Le clitoris est un organe érectile beaucoup plus étendu que sa partie visible. Son gland se situe au sommet de la vulve, mais son corps, ses corps caverneux et ses racines se prolongent en profondeur. Il est richement innervé et vascularisé. Les sensations clitoridiennes dépendent donc à la fois des nerfs, du flux sanguin, de l'état des muqueuses et de la capacité du corps à accueillir la stimulation sans douleur ni appréhension.
Le plancher pelvien forme une sorte de hamac musculaire à la base du bassin. Il intervient dans la continence, le soutien des organes pelviens, la stabilité du bassin et certaines réponses sexuelles. Pendant l'excitation et l'orgasme, il peut se contracter de manière réflexe. Mais un périnée n'a pas besoin d'être constamment contracté pour être "tonique". Un muscle capable de se relâcher, de s'allonger et de se contracter au bon moment est généralement plus fonctionnel qu'un muscle maintenu sous tension.

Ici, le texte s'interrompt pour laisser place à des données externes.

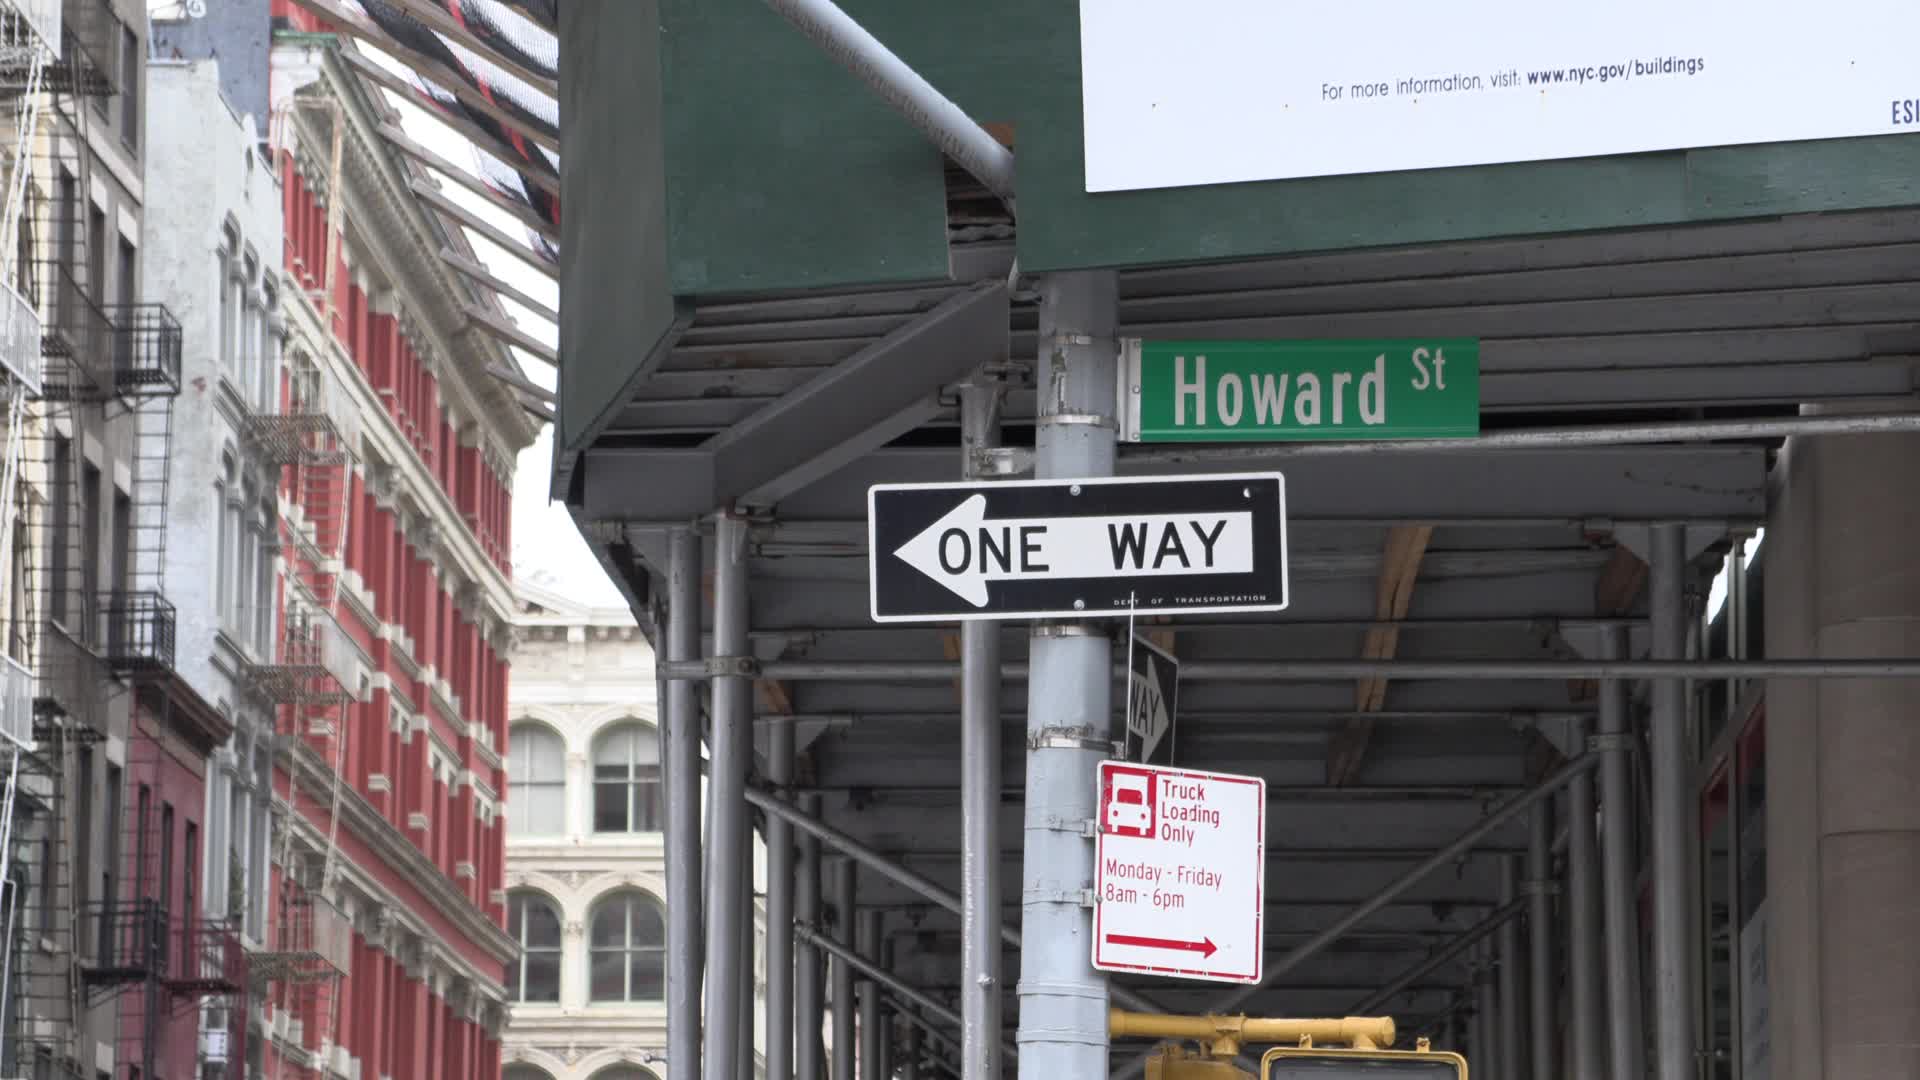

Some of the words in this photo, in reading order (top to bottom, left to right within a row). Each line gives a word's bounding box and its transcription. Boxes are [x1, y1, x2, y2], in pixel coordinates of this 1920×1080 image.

[1322, 84, 1343, 101] For
[1351, 82, 1389, 98] more
[1397, 73, 1484, 95] information,
[1490, 69, 1521, 86] visit:
[1527, 56, 1704, 85] www.nyc.gov/buildings
[1175, 354, 1385, 426] Howard
[1411, 348, 1446, 390] St
[938, 526, 1049, 574] ONE
[1107, 520, 1227, 570] WAY
[1175, 595, 1266, 604] TRANSPORTATION
[1163, 779, 1205, 801] Truck
[1161, 801, 1220, 828] Loading
[1161, 823, 1194, 847] Only
[1106, 858, 1162, 885] Monday
[1177, 865, 1222, 891] Friday
[1105, 883, 1137, 904] 8am
[1153, 888, 1184, 910] 6pm

Lorsqu'une personne souffre d'une douleur vulvaire ou d'une douleur à la pénétration, elle peut contracter involontairement le périnée pour se protéger. Cette réaction est compréhensible, mais elle peut devenir un cercle douloureux : la contraction augmente la pression sur des zones déjà sensibles, limite la souplesse des tissus et rend les rapports plus redoutés. Une douleur près du gland clitoridien, du vestibule ou de l'entrée vaginale ne signifie donc pas forcément que le problème vient du clitoris lui-même.
Le travail périnéal ne consiste pas à promettre un retour automatique de sensations. Il aide plutôt à identifier ce qui freine la sensation agréable : hypertonie musculaire, peur de la douleur, mauvaise perception du bassin, cicatrice peu mobile, sécheresse vulvo-vaginale, contractions réflexes ou fatigue du système nerveux face à une douleur persistante.

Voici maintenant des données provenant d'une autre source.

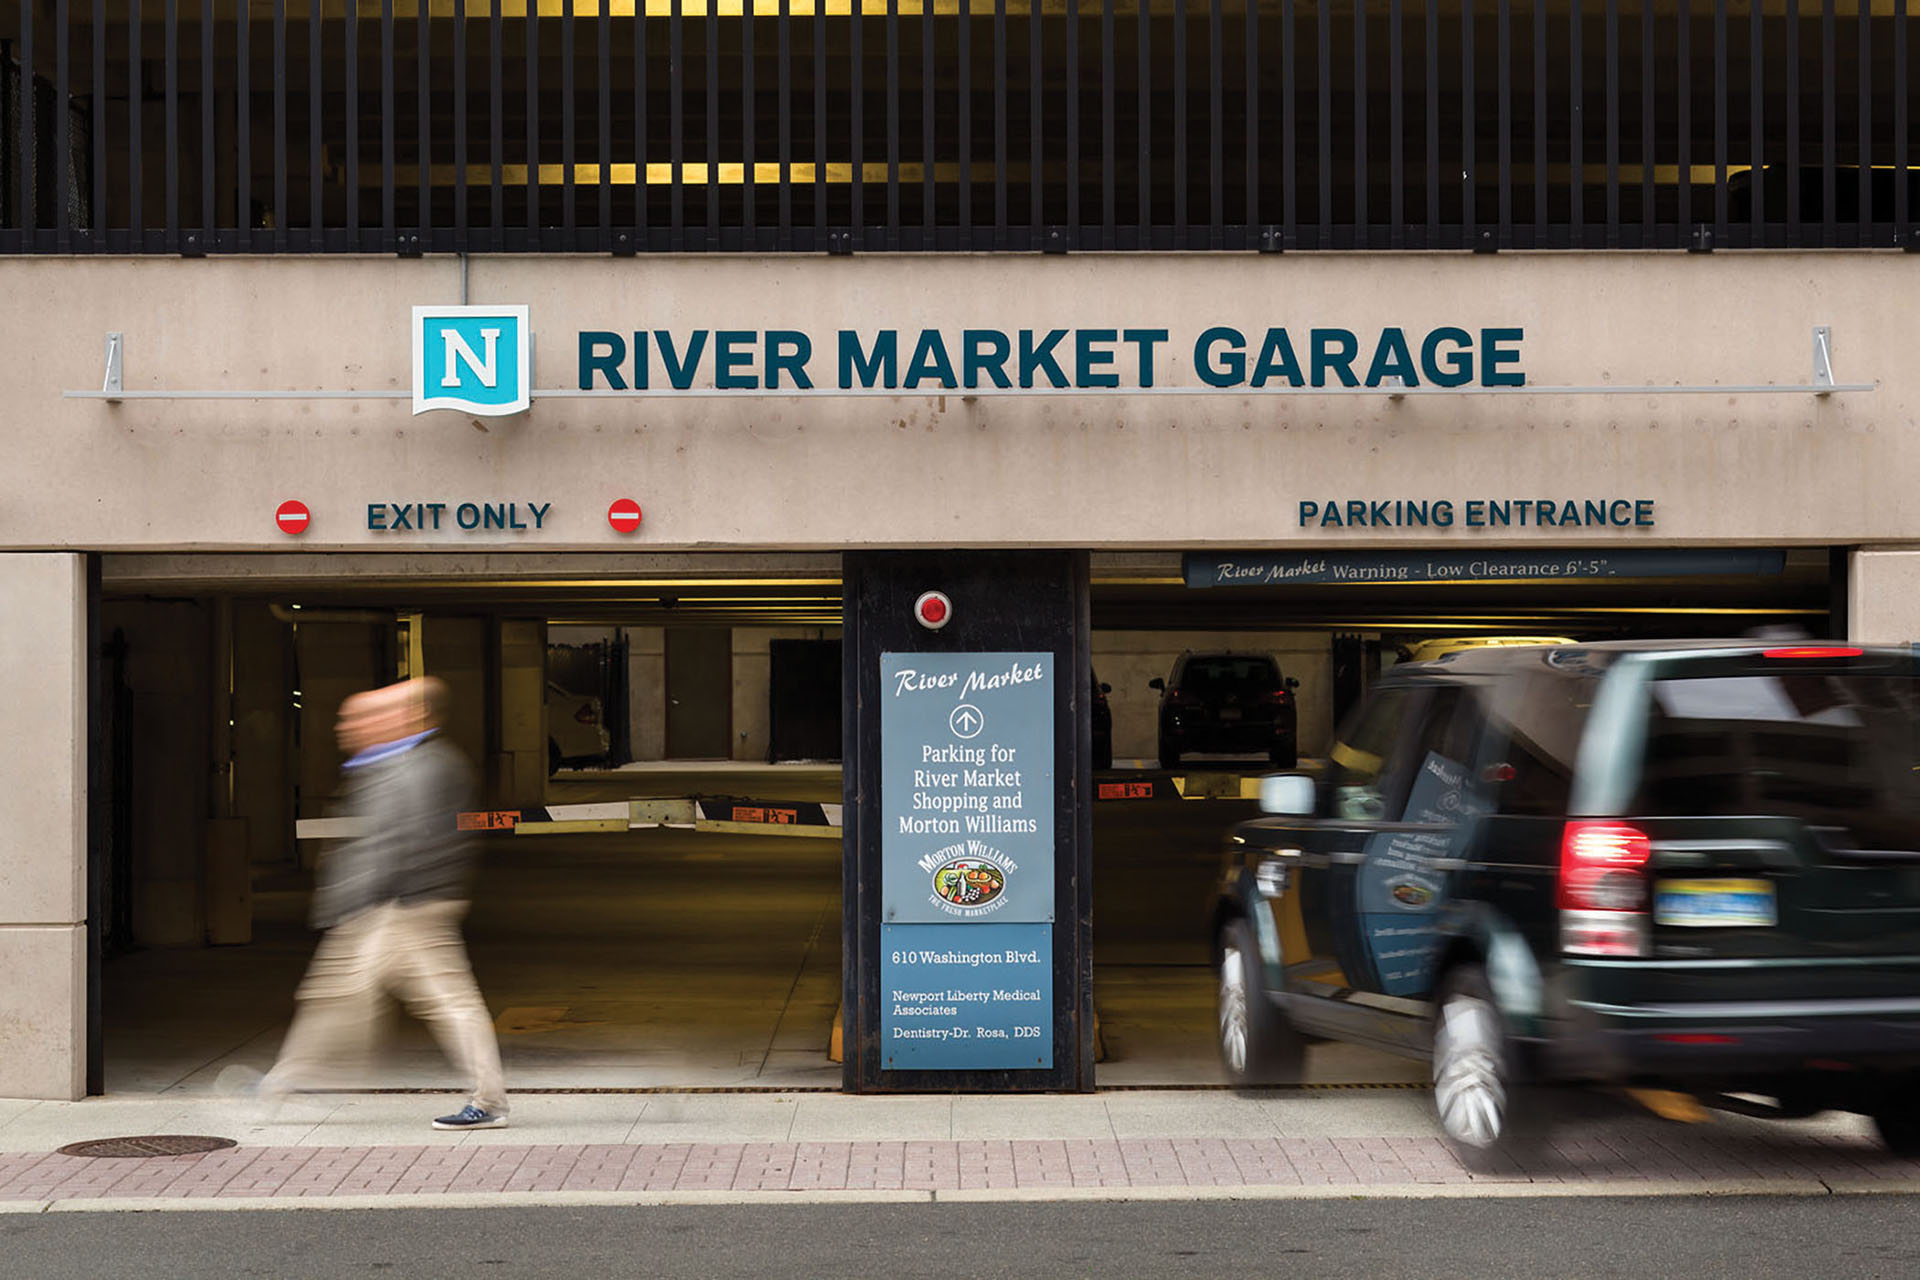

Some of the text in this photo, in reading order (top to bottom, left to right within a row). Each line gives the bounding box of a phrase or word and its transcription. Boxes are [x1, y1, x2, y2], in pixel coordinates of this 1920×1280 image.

Le masseur-kinésithérapeute réalise un bilan fonctionnel. Il ne se limite pas à demander si des fuites urinaires existent. Il explore, avec l'accord de la patiente, la gêne ressentie, le moment où elle apparaît, les antécédents obstétricaux ou chirurgicaux, les habitudes d'élimination, la constipation éventuelle, les douleurs lombaires ou de hanche, ainsi que l'impact sur la sexualité et la vie quotidienne.
L'examen peut comporter une observation externe du périnée, une évaluation respiratoire, des tests de mobilité du bassin et, lorsque cela est indiqué et accepté, un examen endocavitaire vaginal ou anal. Ce dernier n'est jamais obligatoire. Il doit être expliqué avant d'être proposé, réalisé dans le respect du consentement, et peut être interrompu à tout instant. Certaines personnes commencent par plusieurs séances externes, particulièrement lorsque le toucher génital réveille de la peur ou une douleur importante.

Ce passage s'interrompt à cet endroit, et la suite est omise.